- Waqdariya Location in Somaliland
- Coordinates: 11°07′03.3″N 47°47′39.0″E﻿ / ﻿11.117583°N 47.794167°E
- Country: Somaliland
- Region: Sanaag
- District: Erigavo
- Time zone: UTC+3 (EAT)

= Waqdariya =

Waqdariya (Waqddariya, Waqdariye, Waaq-Dariya, Waqderia) is a coastal village in the Sanaag region of Somaliland.

==Recent history==
In 1951, Waqdariya is listed in a book published in England under the name "Waqderia" as the coordinates 11°06′N 47°45 E. The inhabitants are mentioned as Musa Ismail of Habar Yoonis.

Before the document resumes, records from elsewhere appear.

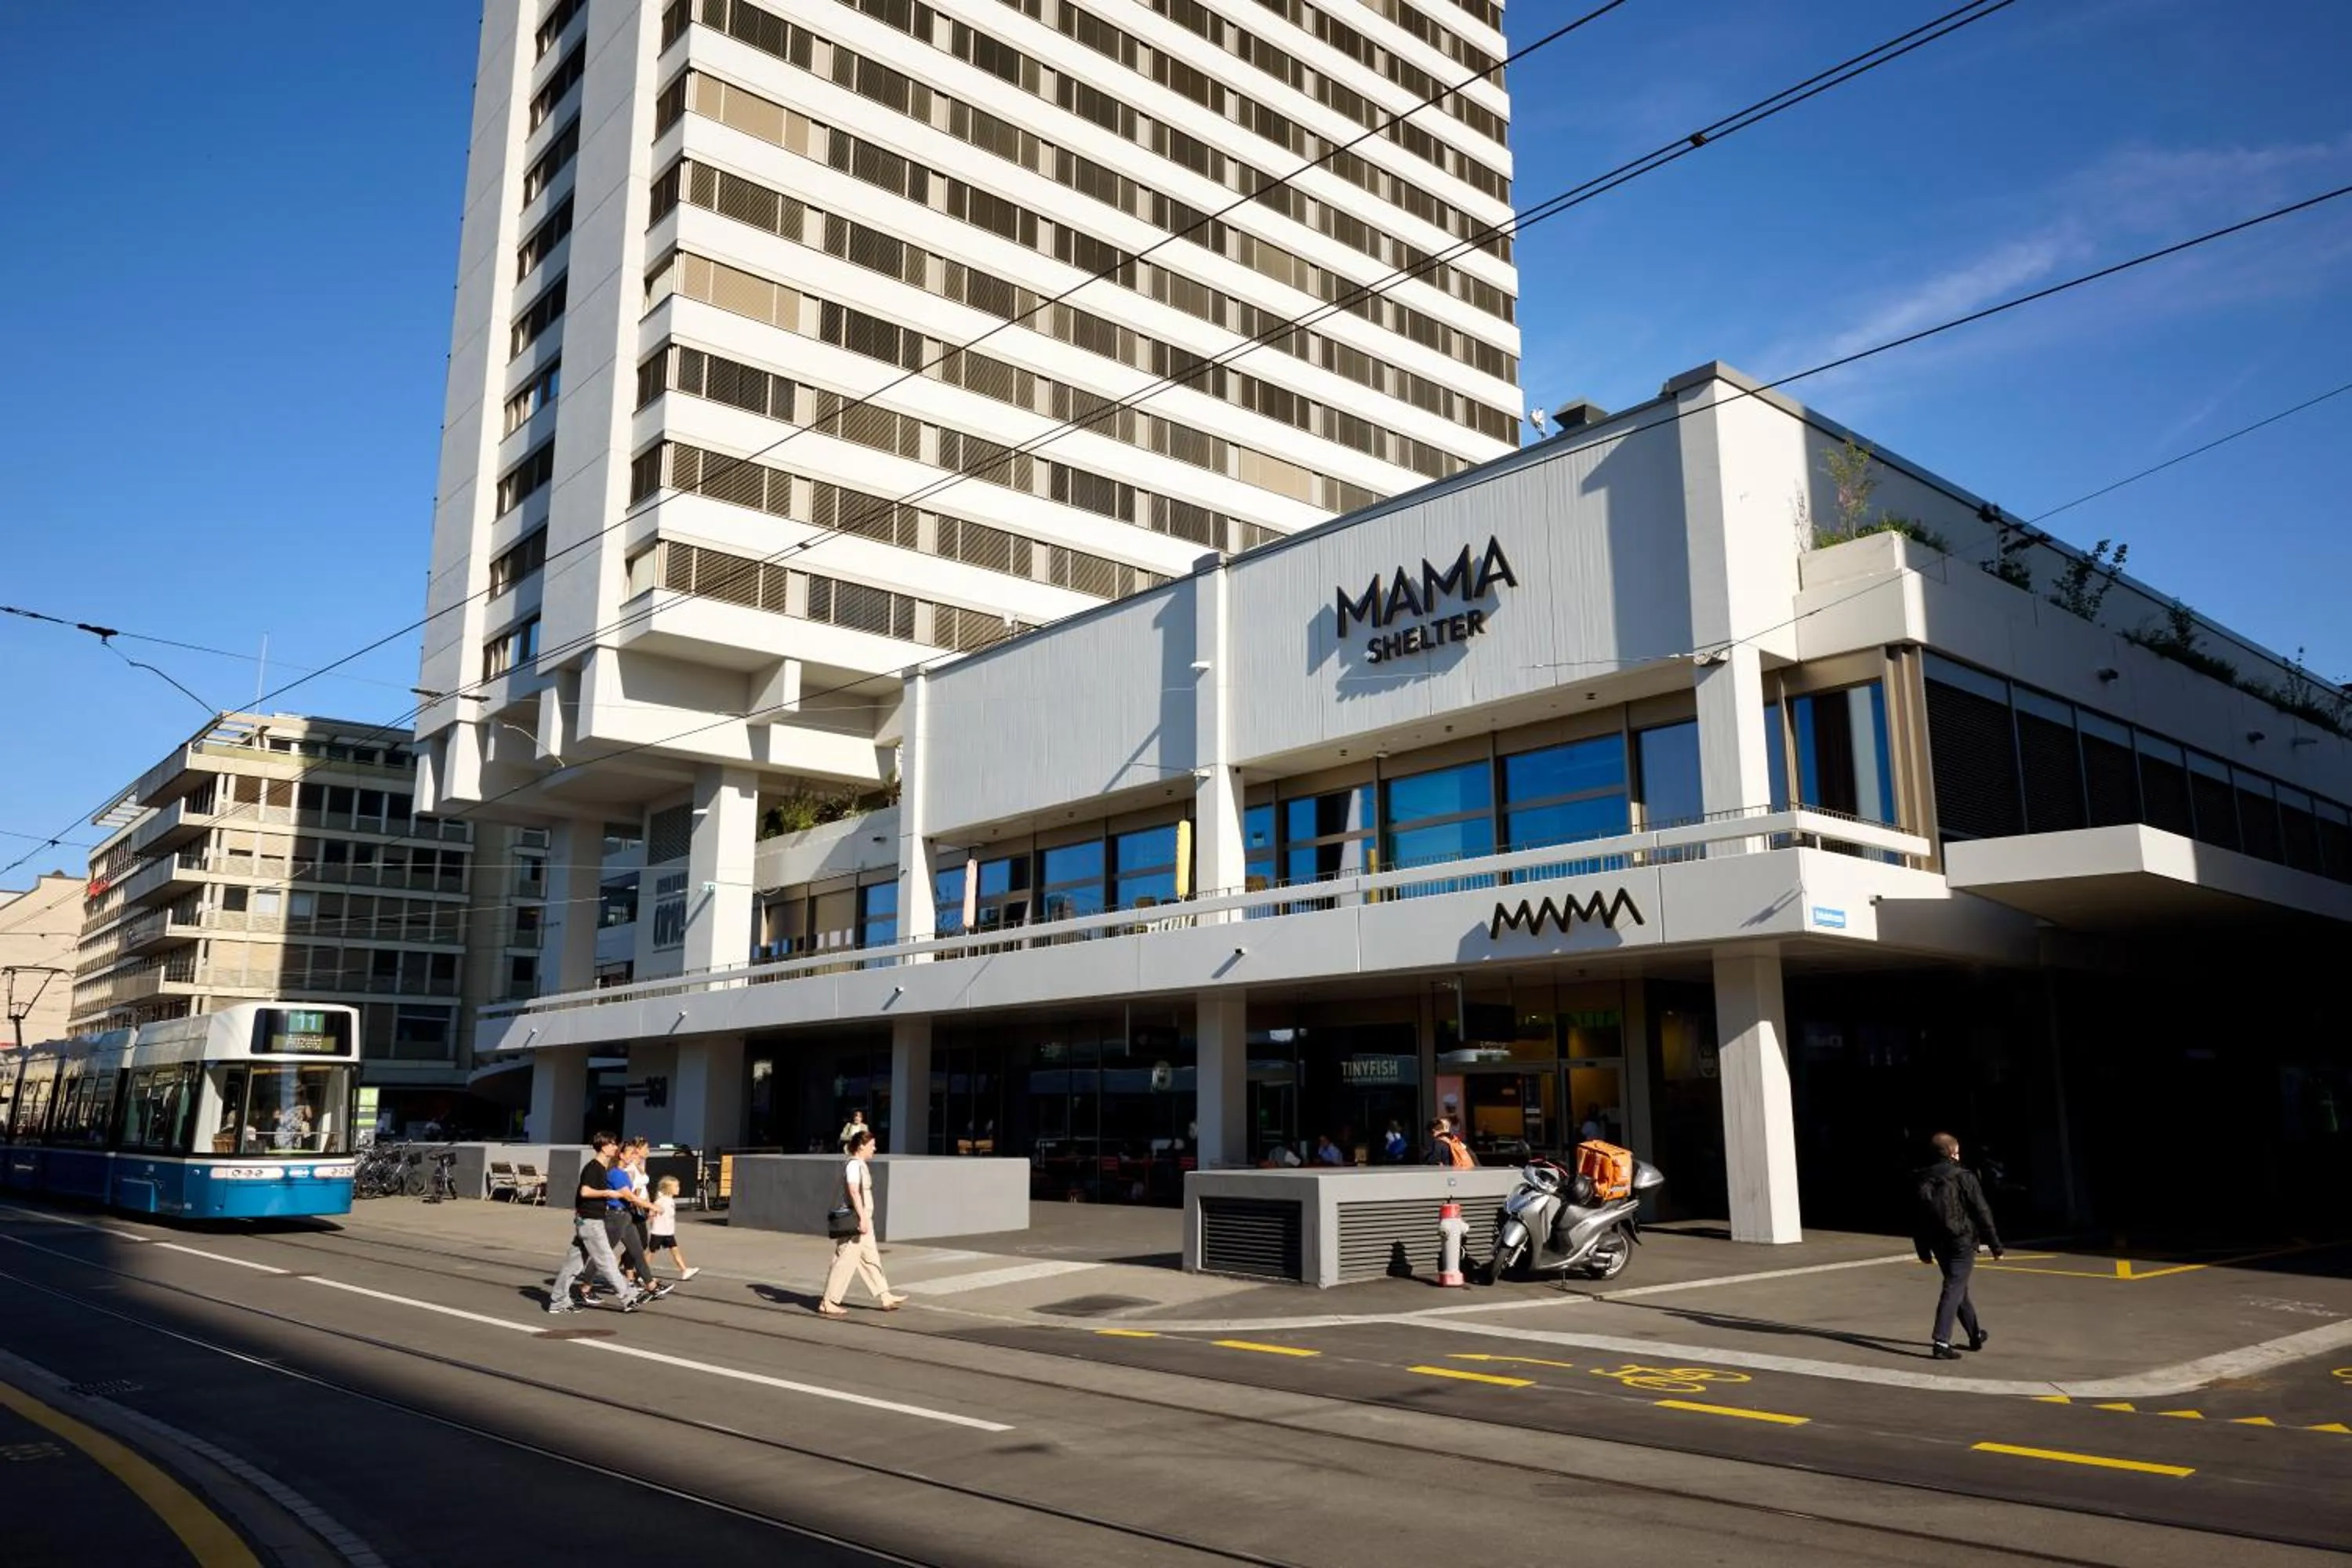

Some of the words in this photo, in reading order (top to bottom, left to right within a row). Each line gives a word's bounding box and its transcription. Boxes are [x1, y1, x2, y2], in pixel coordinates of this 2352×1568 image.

[1336, 535, 1518, 638] MAMA
[1367, 609, 1486, 664] SHELTER
[1490, 887, 1646, 940] MAMA
[297, 1014, 317, 1030] 11
[1340, 1059, 1399, 1076] TINYFISH

In 1956, A report entitled The Geology of the Heis-Mait-Waqderia Area, Erigavo District, Somaliland Protectorate Geological Survey was written by Mason et al.

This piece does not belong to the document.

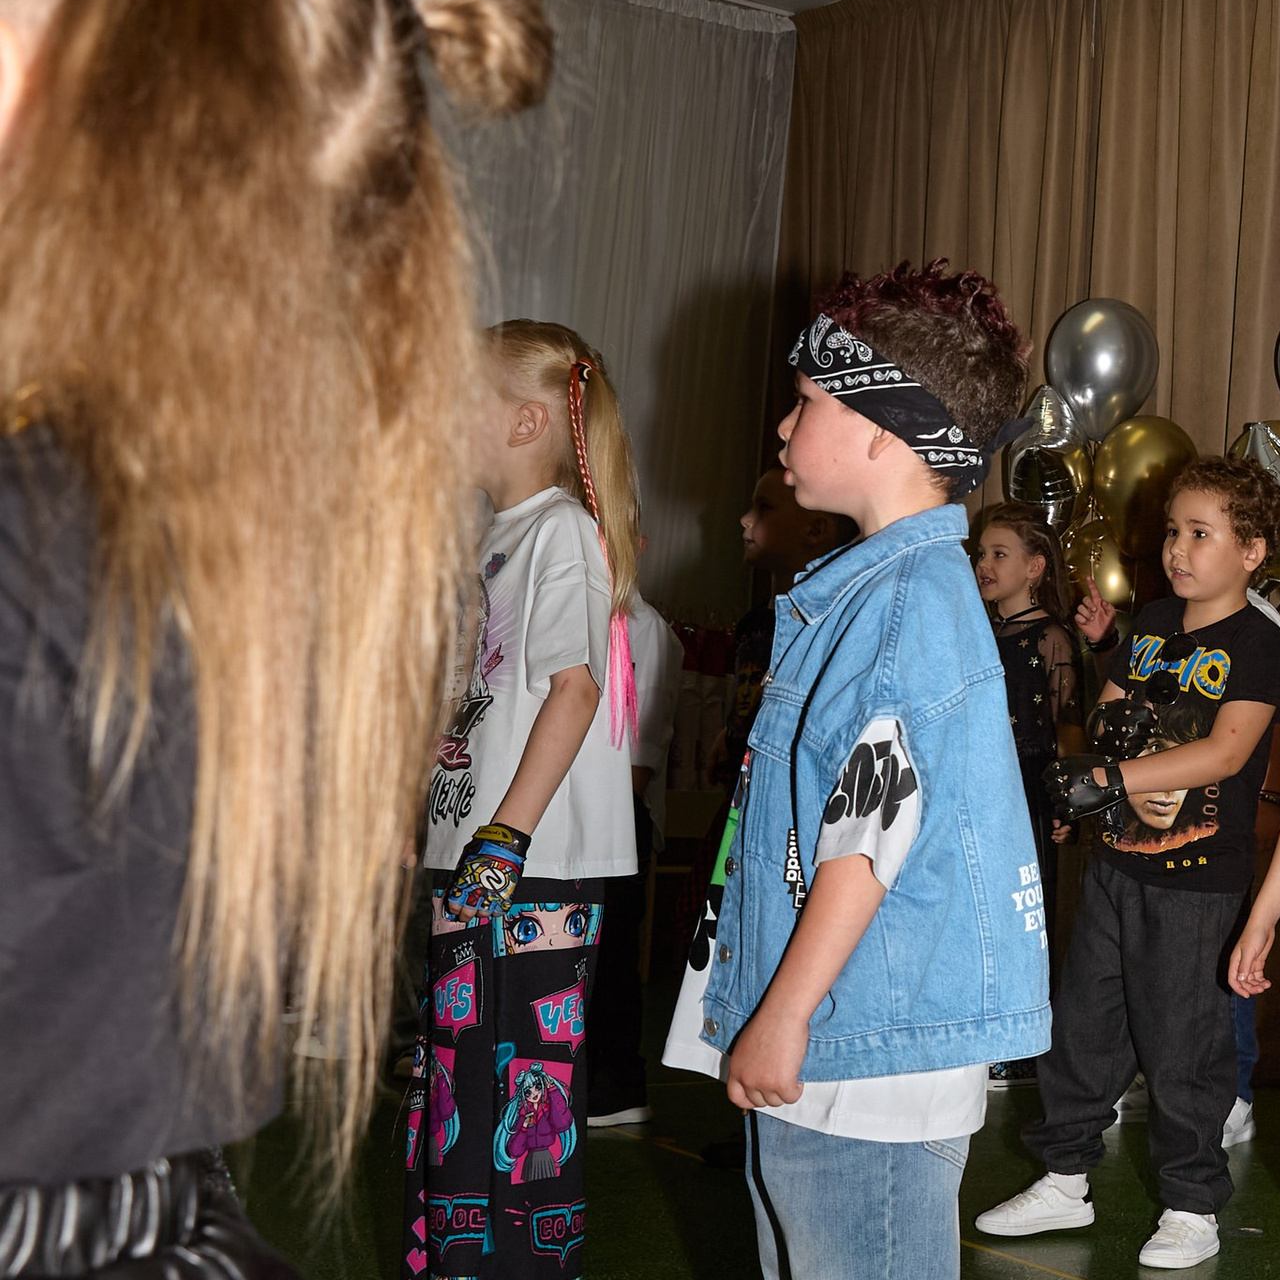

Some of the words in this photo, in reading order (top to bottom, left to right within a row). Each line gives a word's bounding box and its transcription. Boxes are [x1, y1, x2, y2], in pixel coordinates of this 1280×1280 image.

[1018, 861, 1039, 887] BE
[435, 976, 473, 1021] YES
[539, 1212, 585, 1240] COO

In December 2008, it was reported that pirates of the coast of Somalia was planning to build a base in the western part of Las Khorey, including Waqdariya and Gelweita.

In June 2012, Mayor Las Khorey announced in an interview with Somalia Report that they had deployed youth from Badhan, Dhahar, Hingalol, and El Buh in Laso-surad and Waqdariya to prepare for attacks from Somaliland Marines.

In April 2014, it was reported that there are Metamorphic rock containing ruby and sapphire in waqdariya.Waqdariya.

==Demographic==
It is inhabited by the Urursuge clan of Habar Yoonis.